ASSIGNED TASK
Your task is to copy the records that follow exactly, minus any images.

Dataset items
==============================
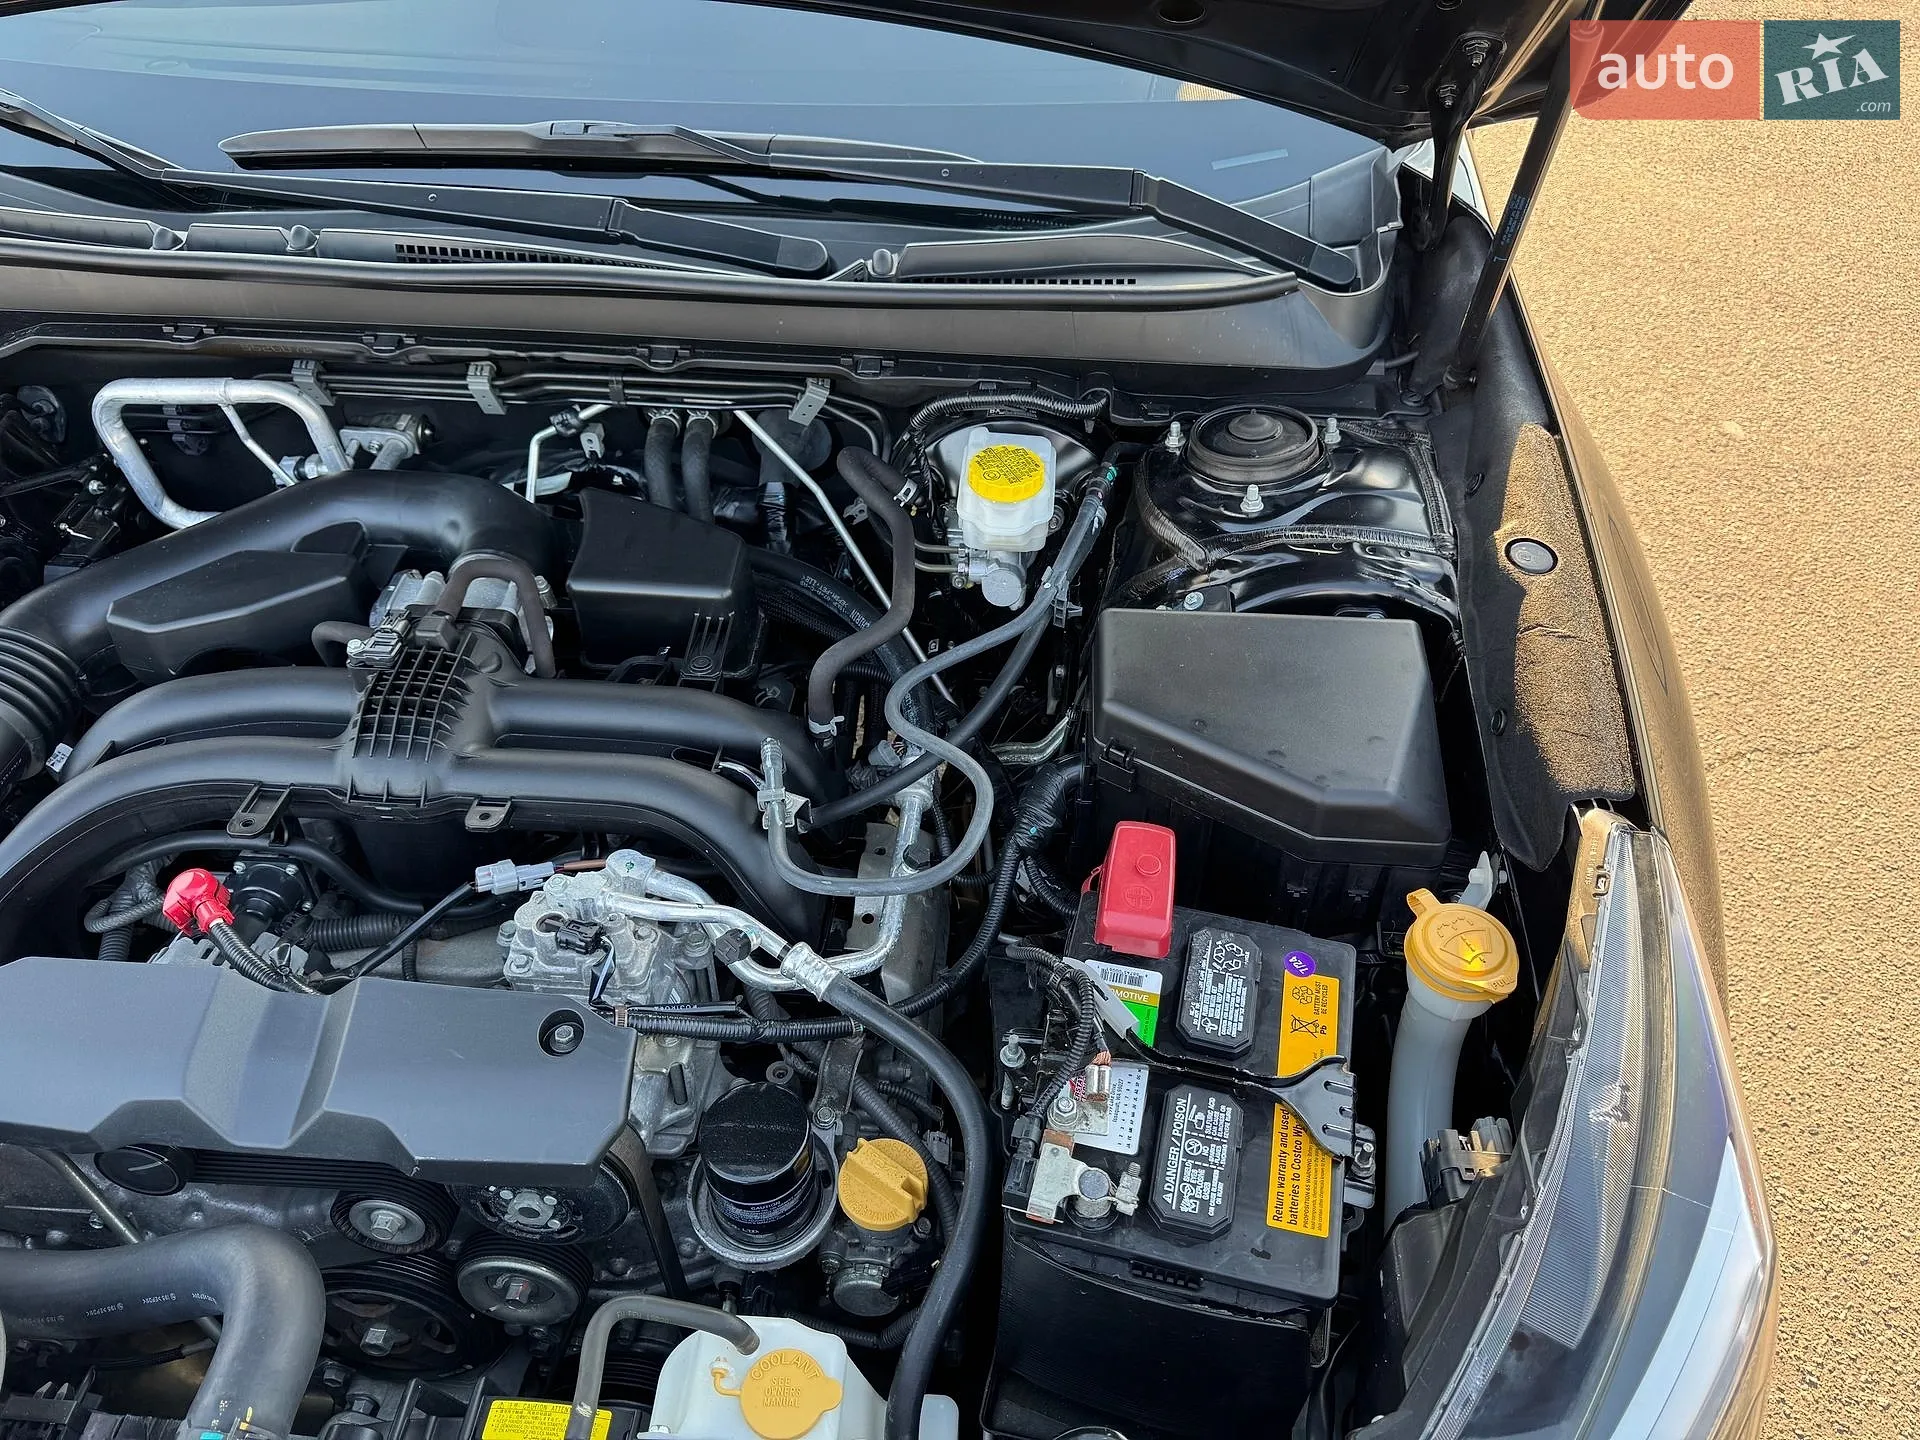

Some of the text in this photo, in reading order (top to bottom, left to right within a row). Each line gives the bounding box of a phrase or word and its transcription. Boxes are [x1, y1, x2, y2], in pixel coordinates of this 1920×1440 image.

[1289, 956, 1309, 974] 7/24
[1110, 988, 1149, 1002] MOTIVE
[1319, 1024, 1327, 1035] Pb
[1164, 1146, 1180, 1191] DANGER
[1172, 1098, 1186, 1136] POISON
[1290, 1139, 1302, 1170] Costco
[1272, 1108, 1290, 1222] Return warranty and used
[1290, 1172, 1300, 1181] to
[1286, 1184, 1299, 1225] batteries
[750, 1351, 820, 1380] COOLANT
[771, 1375, 791, 1386] SEE
[762, 1396, 800, 1408] MANUAL
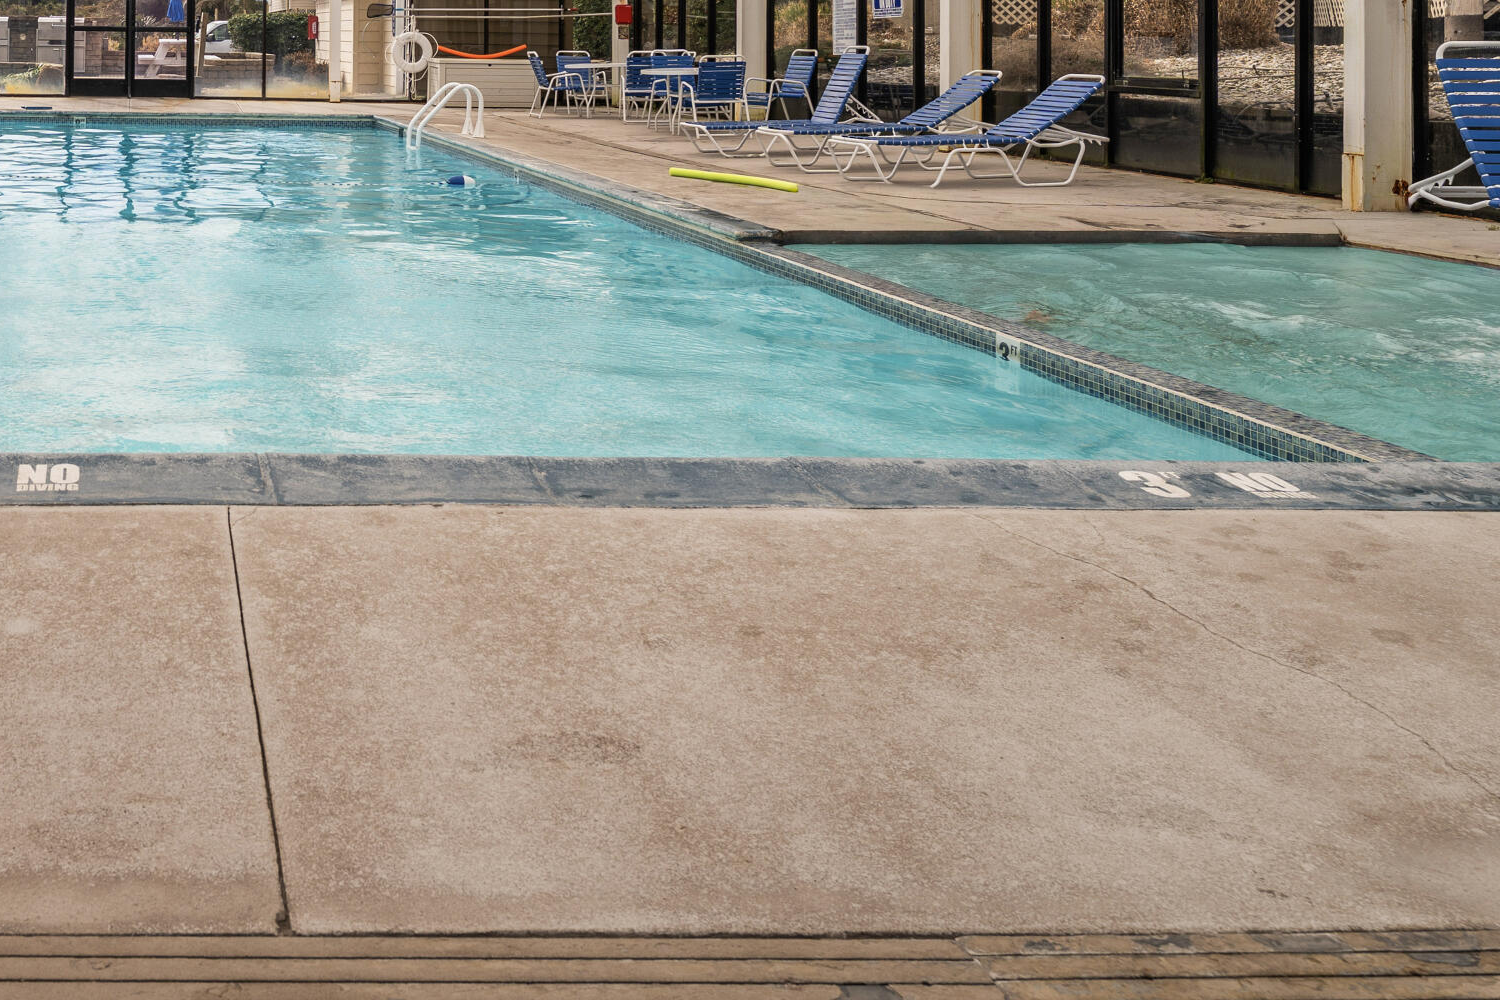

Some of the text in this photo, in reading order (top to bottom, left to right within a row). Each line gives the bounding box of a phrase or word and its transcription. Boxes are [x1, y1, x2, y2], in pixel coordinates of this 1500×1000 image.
==============================
RESPONSE TO THIS EXERCISE
Some of the text in this photo, in reading order (top to bottom, left to right within a row). Each line gives the bounding box of a phrase or word and its transcription. Boxes are [x1, y1, x2, y2], in pixel coordinates of this 1920×1440 image.

[1289, 956, 1309, 974] 7/24
[1110, 988, 1149, 1002] MOTIVE
[1319, 1024, 1327, 1035] Pb
[1164, 1146, 1180, 1191] DANGER
[1172, 1098, 1186, 1136] POISON
[1290, 1139, 1302, 1170] Costco
[1272, 1108, 1290, 1222] Return warranty and used
[1290, 1172, 1300, 1181] to
[1286, 1184, 1299, 1225] batteries
[750, 1351, 820, 1380] COOLANT
[771, 1375, 791, 1386] SEE
[762, 1396, 800, 1408] MANUAL

Some of the text in this photo, in reading order (top to bottom, left to right within a row). Each line gives the bounding box of a phrase or word and its transcription. Boxes are [x1, y1, x2, y2], in pixel coordinates of this 1500×1000 image.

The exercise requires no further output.